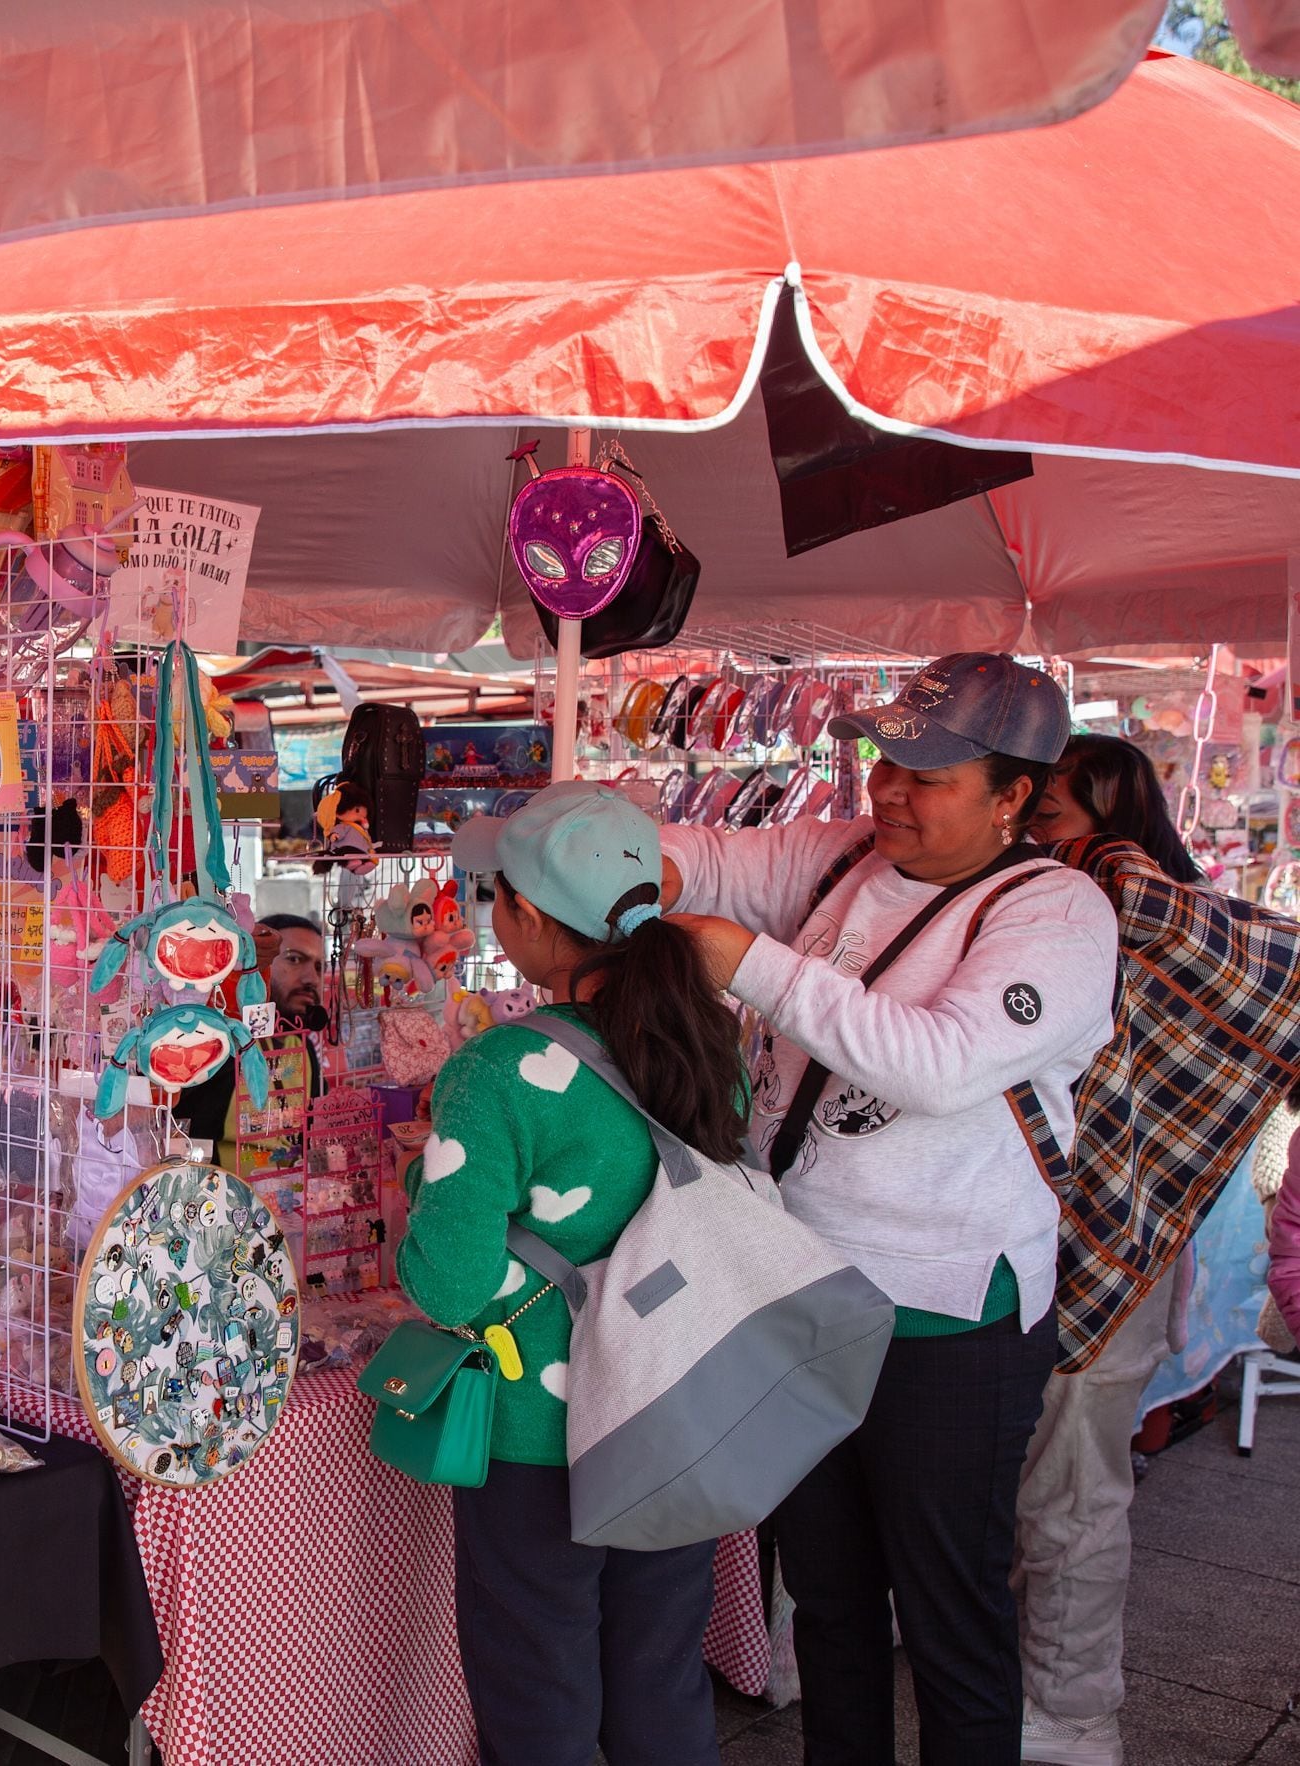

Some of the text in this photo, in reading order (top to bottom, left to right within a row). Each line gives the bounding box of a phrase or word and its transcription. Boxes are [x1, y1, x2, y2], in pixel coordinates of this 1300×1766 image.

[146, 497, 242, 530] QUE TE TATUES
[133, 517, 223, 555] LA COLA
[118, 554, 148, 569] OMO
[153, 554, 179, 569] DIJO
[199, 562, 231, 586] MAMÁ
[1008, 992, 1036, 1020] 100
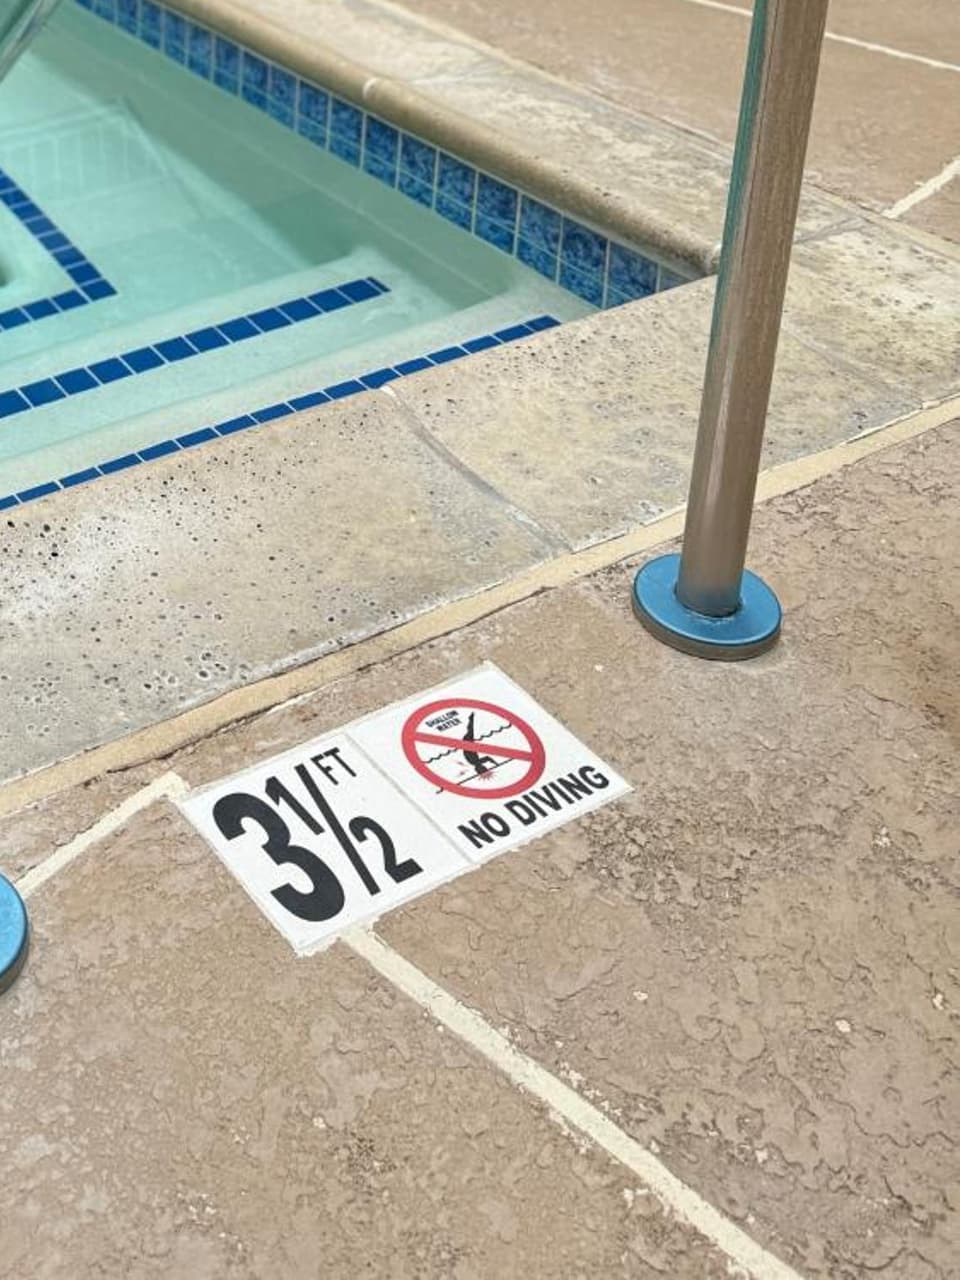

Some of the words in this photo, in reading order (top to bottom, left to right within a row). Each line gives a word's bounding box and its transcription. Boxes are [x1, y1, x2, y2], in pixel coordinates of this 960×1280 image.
★ ★ ★ ★ ★
**Work instruction:**
The answer should be the full material above, printed exactly, with no pictures in it.

**Solved exercise:**
Some of the text in this photo, in reading order (top to bottom, left to right within a row). Each line gives the bounding box of a phrase or word and its transcription. Boxes are [x1, y1, x2, y2], in pixel coordinates of this 1300×1766 image.

[146, 497, 242, 530] QUE TE TATUES
[133, 517, 223, 555] LA COLA
[118, 554, 148, 569] OMO
[153, 554, 179, 569] DIJO
[199, 562, 231, 586] MAMÁ
[1008, 992, 1036, 1020] 100

Some of the words in this photo, in reading order (top to bottom, left to right within a row). Each line gives a word's bounding box and its transcription. Boxes are [x1, y1, x2, y2], in pixel coordinates of this 960×1280 image.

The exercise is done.